Cohen wrote on every monthly invoice he sent to Weisselberg and McConney: “Pursuant to the retainer agreement.” McConney confirmed there was no retainer agreement, though the defense, in its closing argument, will likely point out that Daniels’s attorney, Davidson, admitted that he—like other lawyers—often did business without a written retainer agreement. To further the cover-up, the reimbursements (McConney used that incriminating word) to Cohen were coded “legal expenses” in the Trump Organization’s computerized ledger.

The defense tried and failed to exclude an annual disclosure form that Trump, as president, was required to file with the federal Office of GovernmentEthics (OGE). It seems he might have signed a form that made incriminating misrepresentations, though the testimony about this was so boring that a couple of normally-attentive jurors looked drowsy.

One of the only people in the courtroom who, ironically, seemed fully awake was Trump. He seemed to appreciate that two long-time employees were testifying about how wonderful it was to work for the Trump Organization. Even as the prosecution was cementing its case against him, he appreciated the praise, especially after all of the attacks he endured in the courtroom, with more to come.

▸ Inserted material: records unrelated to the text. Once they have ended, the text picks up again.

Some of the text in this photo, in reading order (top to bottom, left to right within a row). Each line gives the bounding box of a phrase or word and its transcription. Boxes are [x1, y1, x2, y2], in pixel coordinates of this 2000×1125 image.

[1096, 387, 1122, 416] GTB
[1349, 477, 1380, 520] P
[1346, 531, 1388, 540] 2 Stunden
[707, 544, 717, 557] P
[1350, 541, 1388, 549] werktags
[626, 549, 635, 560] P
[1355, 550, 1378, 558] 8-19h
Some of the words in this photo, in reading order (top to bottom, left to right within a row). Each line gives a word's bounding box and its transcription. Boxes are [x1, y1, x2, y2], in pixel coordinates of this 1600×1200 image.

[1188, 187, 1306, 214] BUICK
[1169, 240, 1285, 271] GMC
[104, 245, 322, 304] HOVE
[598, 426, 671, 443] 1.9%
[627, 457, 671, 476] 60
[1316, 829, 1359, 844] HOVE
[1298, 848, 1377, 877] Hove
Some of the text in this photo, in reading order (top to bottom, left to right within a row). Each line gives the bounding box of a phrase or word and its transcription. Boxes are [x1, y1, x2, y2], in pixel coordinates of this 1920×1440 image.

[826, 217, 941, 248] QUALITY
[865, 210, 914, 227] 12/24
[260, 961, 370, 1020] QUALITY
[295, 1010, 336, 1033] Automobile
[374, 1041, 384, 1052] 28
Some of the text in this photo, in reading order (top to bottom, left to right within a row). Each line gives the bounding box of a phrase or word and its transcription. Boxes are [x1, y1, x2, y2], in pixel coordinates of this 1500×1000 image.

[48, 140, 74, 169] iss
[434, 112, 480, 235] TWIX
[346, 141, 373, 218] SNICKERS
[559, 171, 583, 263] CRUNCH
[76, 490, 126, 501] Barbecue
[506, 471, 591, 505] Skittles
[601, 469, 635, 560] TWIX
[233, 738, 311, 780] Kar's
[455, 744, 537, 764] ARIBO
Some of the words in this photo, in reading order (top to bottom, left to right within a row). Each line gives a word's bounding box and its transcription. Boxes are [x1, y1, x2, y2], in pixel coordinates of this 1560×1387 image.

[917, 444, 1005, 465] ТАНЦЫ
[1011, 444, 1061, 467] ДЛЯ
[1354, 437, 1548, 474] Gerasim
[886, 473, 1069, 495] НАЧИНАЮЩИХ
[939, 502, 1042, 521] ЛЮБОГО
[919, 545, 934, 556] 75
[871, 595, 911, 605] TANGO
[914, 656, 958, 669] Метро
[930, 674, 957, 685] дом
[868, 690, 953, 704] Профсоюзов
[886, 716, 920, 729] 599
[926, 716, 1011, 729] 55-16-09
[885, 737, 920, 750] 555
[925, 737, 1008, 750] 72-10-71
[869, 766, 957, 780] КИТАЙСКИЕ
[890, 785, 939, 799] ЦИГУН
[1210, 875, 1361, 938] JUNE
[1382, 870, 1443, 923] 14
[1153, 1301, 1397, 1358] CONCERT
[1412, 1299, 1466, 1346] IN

On cross, Emil Bove elicited even more praise, but McConney hurt Trump’s case when he admitted that “Most personal legal expenses are not deductible for tax purposes.” Oops. That gives the DA’s office an opening to make tax fraud one of the additional crimes it needs to bring into the case.

The next witness was Deborah Tarasoff, who still serves as the Trump Organization’s accounts payable supervisor. She’s the one who actually cut the checks and brought them to Rhona Graff, Trump’s assistant, to FedEx them to Washington for Trump’s signature. She confirmed that the “accounts payable” and “accounts receivable” stamps were real, and that it was her who initiated the documents..

Zzzzzzzz….

Trump attorney Todd Blanche’s gentle cross mostly consisted of preparing the jury for an argument that during the transition and his early presidency, Trump was too busy to know anything about the real purpose of the checks he was signing. But Tarasoff had almost no contact with Trump, which made her useless to advancing that point.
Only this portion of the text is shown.